● **Task to carry out**
The data below should be printed in full, exactly, and without any of its images.

Data records:
::::::

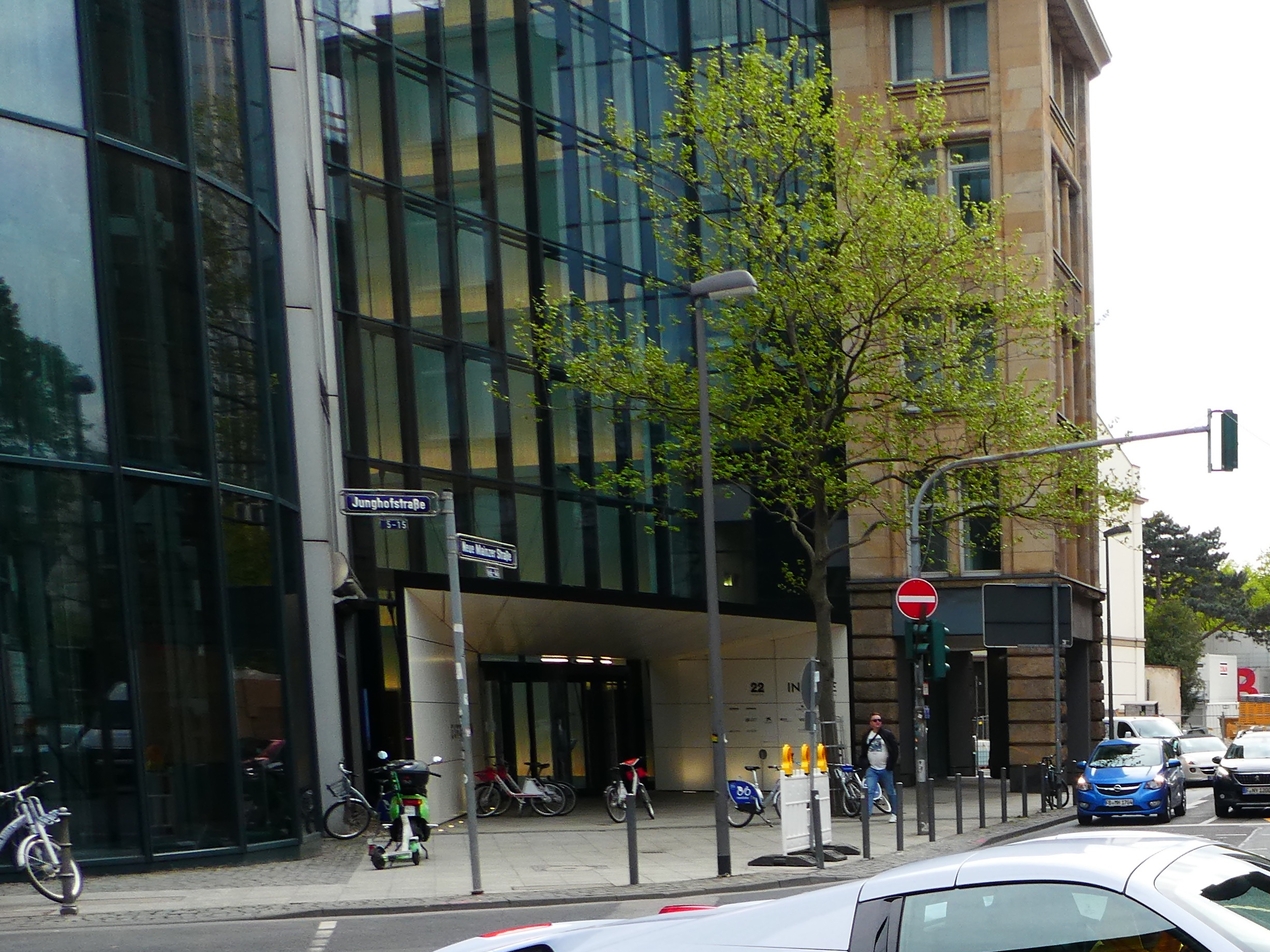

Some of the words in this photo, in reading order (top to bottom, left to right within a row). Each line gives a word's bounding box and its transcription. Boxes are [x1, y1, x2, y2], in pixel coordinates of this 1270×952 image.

[351, 496, 426, 511] Junghofstraße
[386, 520, 407, 529] 5-15
[461, 541, 475, 554] Neue
[475, 543, 496, 558] Mainzer
[750, 682, 765, 693] 22

::::::

● **Your solution**
Some of the words in this photo, in reading order (top to bottom, left to right within a row). Each line gives a word's bounding box and its transcription. Boxes are [x1, y1, x2, y2], in pixel coordinates of this 1270×952 image.

[351, 496, 426, 511] Junghofstraße
[386, 520, 407, 529] 5-15
[461, 541, 475, 554] Neue
[475, 543, 496, 558] Mainzer
[750, 682, 765, 693] 22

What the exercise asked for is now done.